*To do*
Write the data out again, matching every line exactly.

*Information supplied*
+===+
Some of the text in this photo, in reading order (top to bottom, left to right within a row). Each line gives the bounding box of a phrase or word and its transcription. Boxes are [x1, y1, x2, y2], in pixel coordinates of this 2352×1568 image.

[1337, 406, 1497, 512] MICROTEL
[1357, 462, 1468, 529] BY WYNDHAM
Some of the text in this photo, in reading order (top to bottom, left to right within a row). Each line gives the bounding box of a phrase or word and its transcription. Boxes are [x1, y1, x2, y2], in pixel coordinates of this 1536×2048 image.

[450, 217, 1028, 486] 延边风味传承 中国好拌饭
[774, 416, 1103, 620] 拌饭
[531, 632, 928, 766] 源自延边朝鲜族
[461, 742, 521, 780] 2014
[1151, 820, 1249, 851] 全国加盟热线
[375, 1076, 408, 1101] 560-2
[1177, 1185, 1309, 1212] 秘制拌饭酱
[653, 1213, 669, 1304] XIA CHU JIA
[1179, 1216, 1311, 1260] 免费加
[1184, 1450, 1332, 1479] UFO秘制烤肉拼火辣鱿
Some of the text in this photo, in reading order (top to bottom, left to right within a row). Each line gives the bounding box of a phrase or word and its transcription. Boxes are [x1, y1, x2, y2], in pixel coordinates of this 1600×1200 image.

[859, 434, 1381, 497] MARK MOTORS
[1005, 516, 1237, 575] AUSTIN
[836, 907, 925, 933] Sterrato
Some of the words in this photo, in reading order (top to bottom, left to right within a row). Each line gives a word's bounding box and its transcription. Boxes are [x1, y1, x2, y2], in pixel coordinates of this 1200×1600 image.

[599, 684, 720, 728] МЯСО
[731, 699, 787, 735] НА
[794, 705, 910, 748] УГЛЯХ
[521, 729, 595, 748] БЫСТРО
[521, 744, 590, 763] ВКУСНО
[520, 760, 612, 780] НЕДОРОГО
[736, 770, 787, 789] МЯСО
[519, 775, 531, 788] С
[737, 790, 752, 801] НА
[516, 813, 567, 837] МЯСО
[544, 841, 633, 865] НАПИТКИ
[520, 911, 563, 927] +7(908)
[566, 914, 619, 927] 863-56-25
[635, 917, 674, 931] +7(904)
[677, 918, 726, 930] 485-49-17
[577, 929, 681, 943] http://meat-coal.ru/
+===+
*Task result*
Some of the text in this photo, in reading order (top to bottom, left to right within a row). Each line gives the bounding box of a phrase or word and its transcription. Boxes are [x1, y1, x2, y2], in pixel coordinates of this 2352×1568 image.

[1337, 406, 1497, 512] MICROTEL
[1357, 462, 1468, 529] BY WYNDHAM
Some of the text in this photo, in reading order (top to bottom, left to right within a row). Each line gives the bounding box of a phrase or word and its transcription. Boxes are [x1, y1, x2, y2], in pixel coordinates of this 1536×2048 image.

[450, 217, 1028, 486] 延边风味传承 中国好拌饭
[774, 416, 1103, 620] 拌饭
[531, 632, 928, 766] 源自延边朝鲜族
[461, 742, 521, 780] 2014
[1151, 820, 1249, 851] 全国加盟热线
[375, 1076, 408, 1101] 560-2
[1177, 1185, 1309, 1212] 秘制拌饭酱
[653, 1213, 669, 1304] XIA CHU JIA
[1179, 1216, 1311, 1260] 免费加
[1184, 1450, 1332, 1479] UFO秘制烤肉拼火辣鱿
Some of the text in this photo, in reading order (top to bottom, left to right within a row). Each line gives the bounding box of a phrase or word and its transcription. Boxes are [x1, y1, x2, y2], in pixel coordinates of this 1600×1200 image.

[859, 434, 1381, 497] MARK MOTORS
[1005, 516, 1237, 575] AUSTIN
[836, 907, 925, 933] Sterrato
Some of the words in this photo, in reading order (top to bottom, left to right within a row). Each line gives a word's bounding box and its transcription. Boxes are [x1, y1, x2, y2], in pixel coordinates of this 1200×1600 image.

[599, 684, 720, 728] МЯСО
[731, 699, 787, 735] НА
[794, 705, 910, 748] УГЛЯХ
[521, 729, 595, 748] БЫСТРО
[521, 744, 590, 763] ВКУСНО
[520, 760, 612, 780] НЕДОРОГО
[736, 770, 787, 789] МЯСО
[519, 775, 531, 788] С
[737, 790, 752, 801] НА
[516, 813, 567, 837] МЯСО
[544, 841, 633, 865] НАПИТКИ
[520, 911, 563, 927] +7(908)
[566, 914, 619, 927] 863-56-25
[635, 917, 674, 931] +7(904)
[677, 918, 726, 930] 485-49-17
[577, 929, 681, 943] http://meat-coal.ru/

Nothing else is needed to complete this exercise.